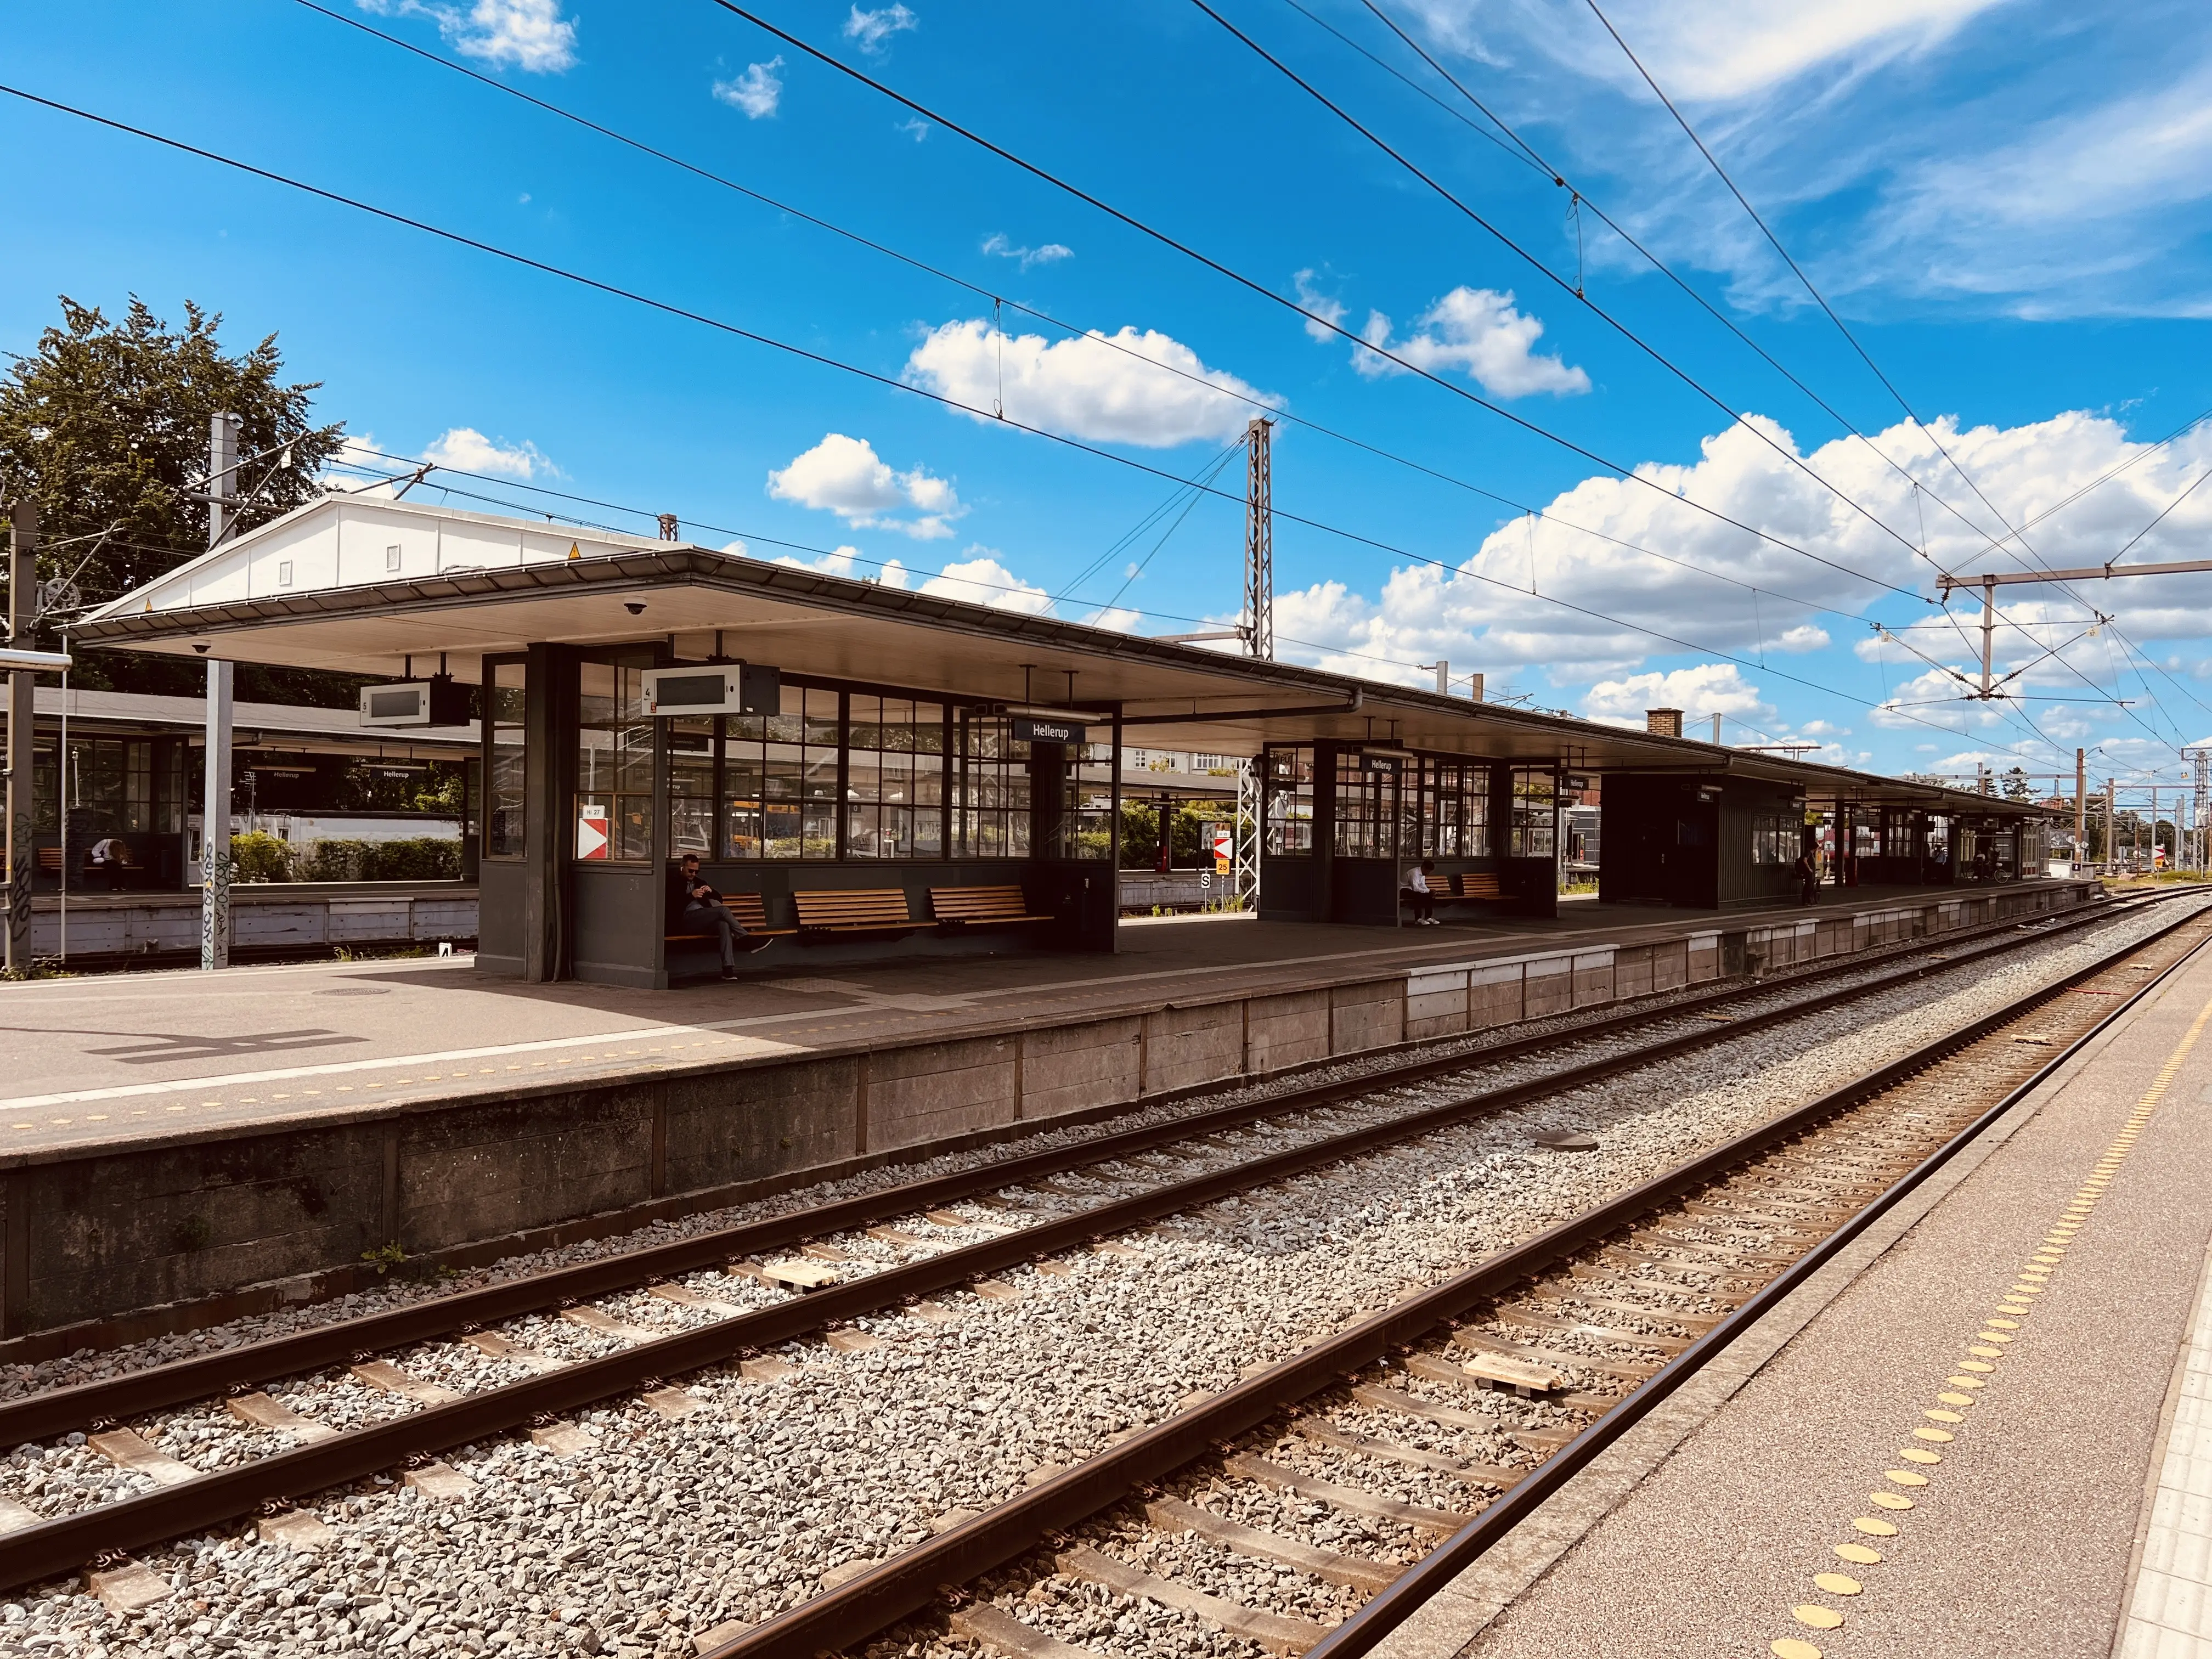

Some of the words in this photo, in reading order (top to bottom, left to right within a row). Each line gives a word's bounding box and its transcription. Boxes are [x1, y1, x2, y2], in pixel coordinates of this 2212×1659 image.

[645, 688, 650, 697] 4
[1033, 724, 1069, 741] Hellerup
[1372, 759, 1392, 772] Hellerup
[383, 770, 409, 779] Hellerup
[1201, 876, 1210, 887] S
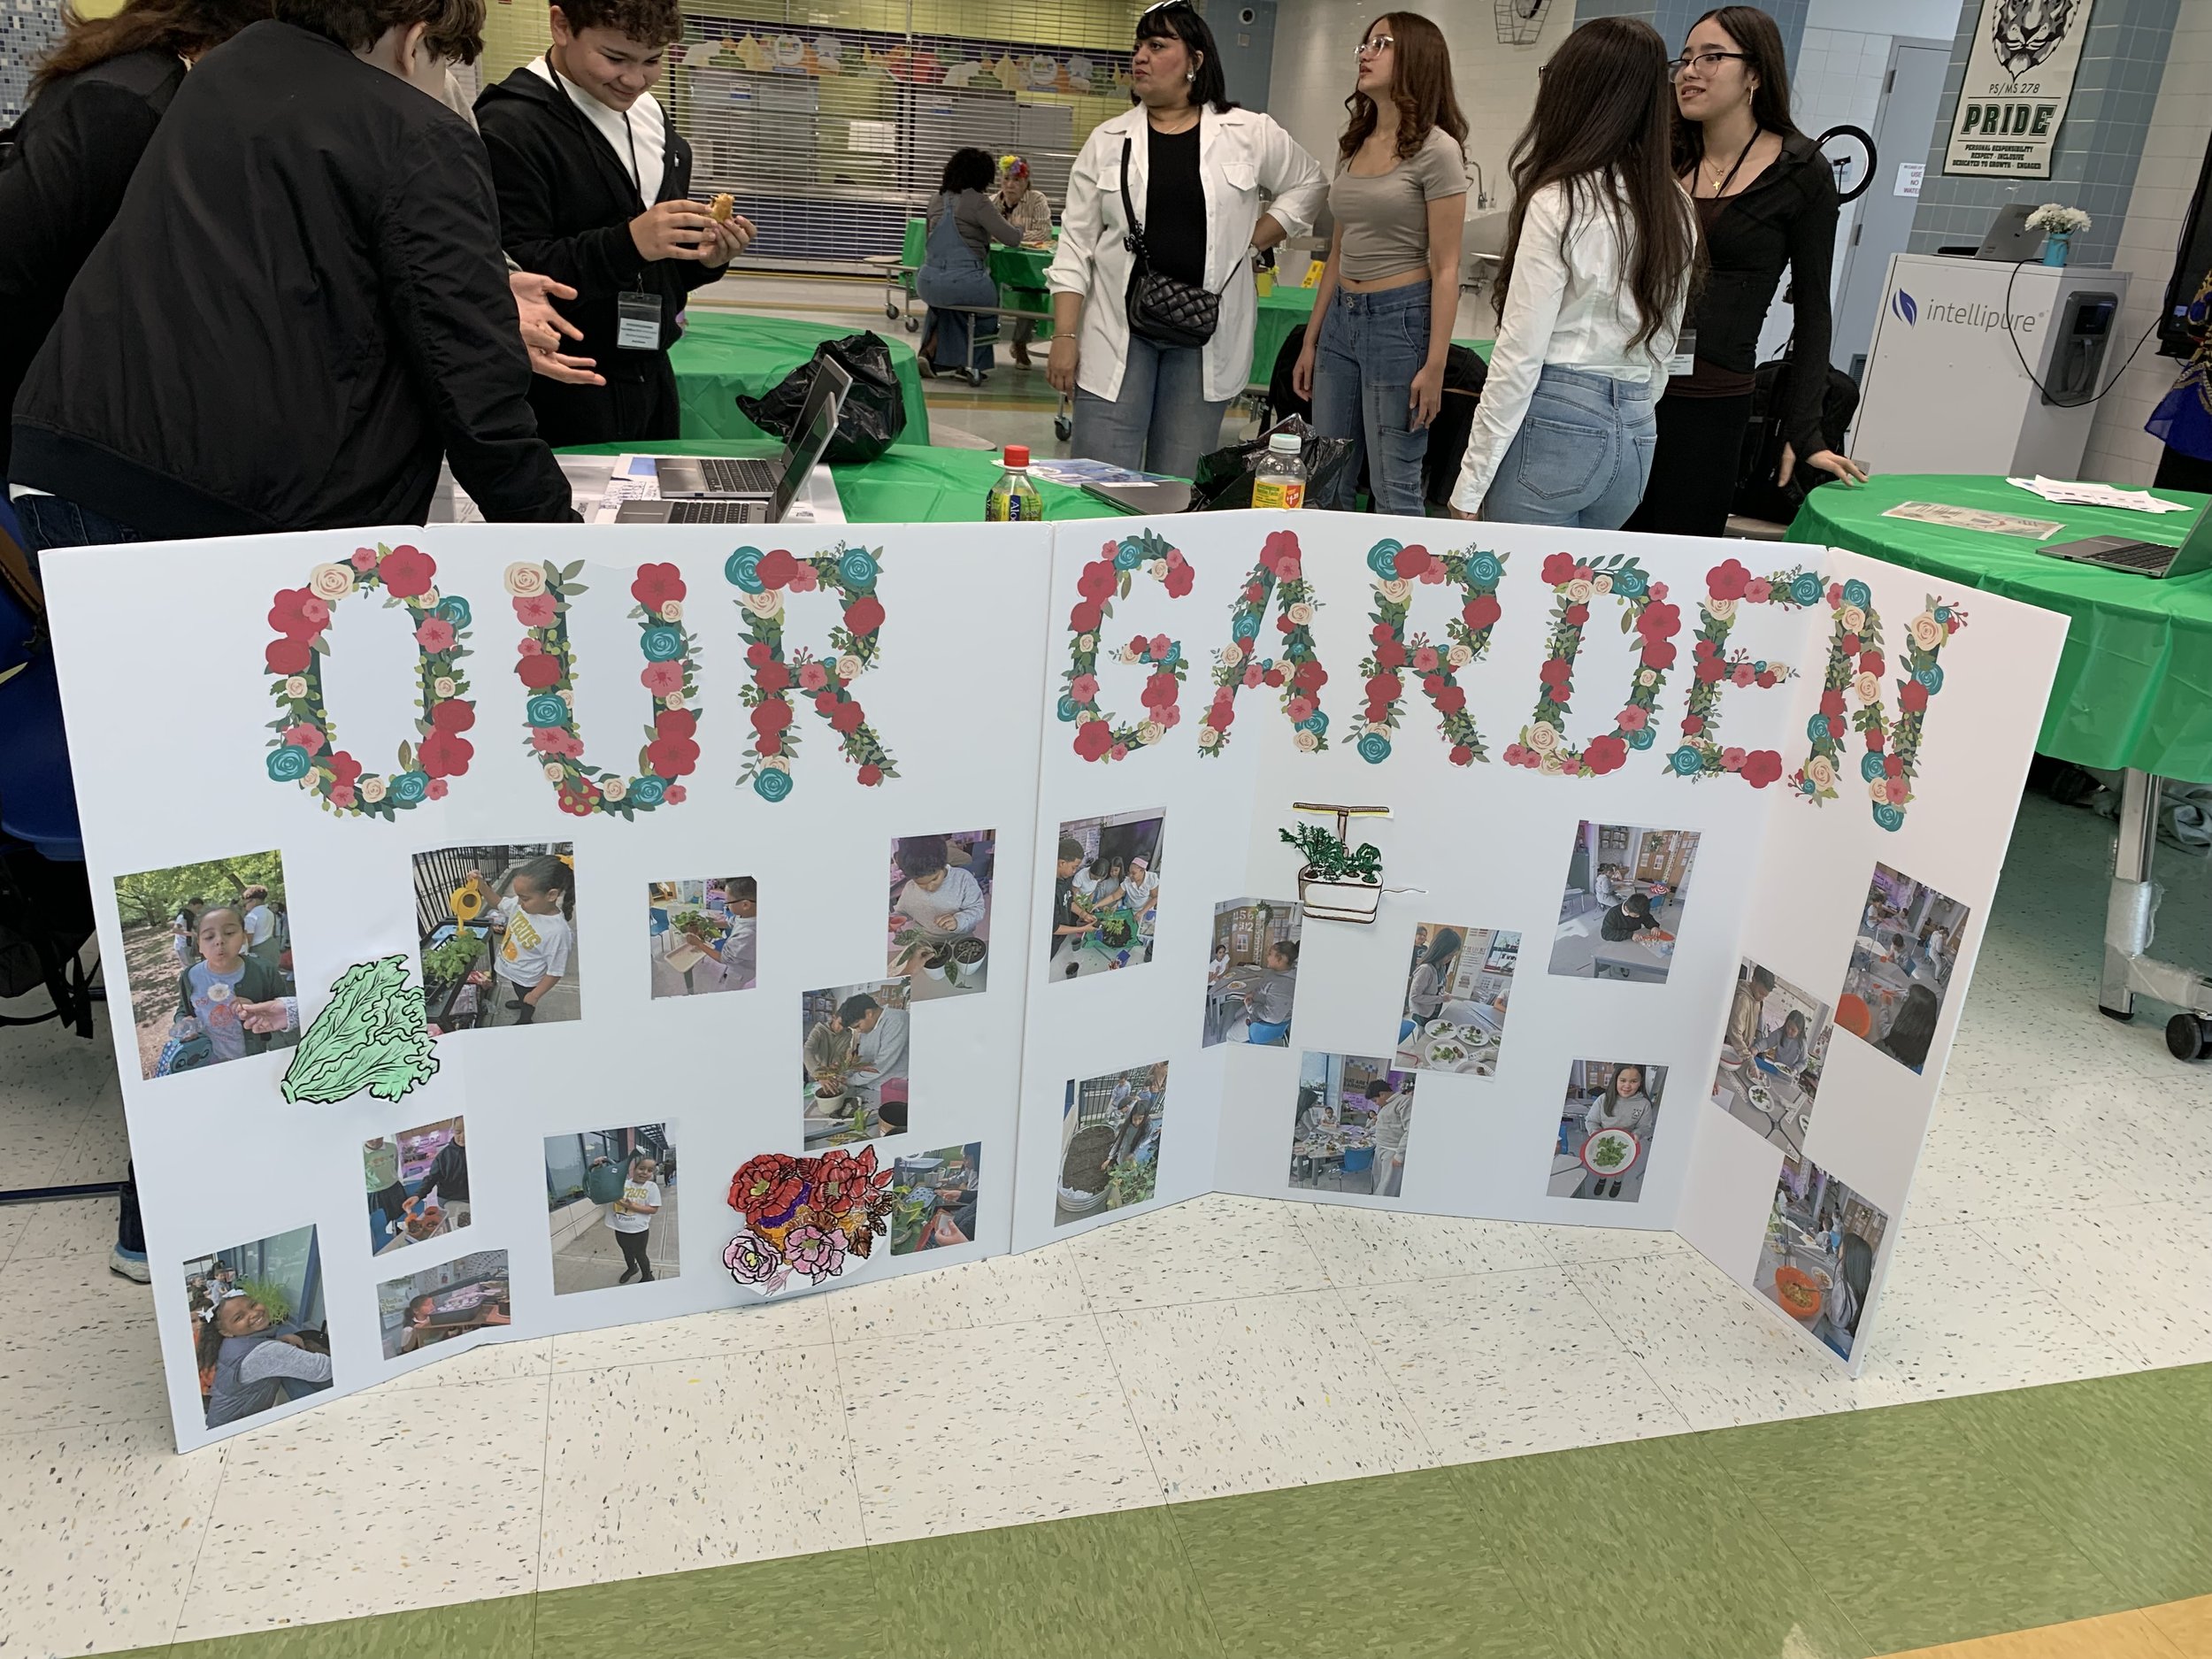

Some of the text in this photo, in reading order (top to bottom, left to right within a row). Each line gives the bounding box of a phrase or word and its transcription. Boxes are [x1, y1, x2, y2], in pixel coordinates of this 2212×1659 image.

[1989, 82, 2040, 96] PS/MS 278
[1961, 104, 2058, 136] PRIDE
[1992, 144, 2033, 153] RESPONSIBILITY
[1927, 298, 2037, 333] intellipure
[265, 540, 902, 823] OUR
[1057, 527, 1969, 833] GARDEN
- - -
Each line from the one with "Some of the text" through the end of the entries above is to be returned word for word. Nothing else belongs in the answer.

Some of the text in this photo, in reading order (top to bottom, left to right within a row). Each line gives the bounding box of a phrase or word and its transcription. Boxes are [x1, y1, x2, y2], in pixel coordinates of this 2212×1659 image.

[1989, 82, 2040, 96] PS/MS 278
[1961, 104, 2058, 136] PRIDE
[1992, 144, 2033, 153] RESPONSIBILITY
[1927, 298, 2037, 333] intellipure
[265, 540, 902, 823] OUR
[1057, 527, 1969, 833] GARDEN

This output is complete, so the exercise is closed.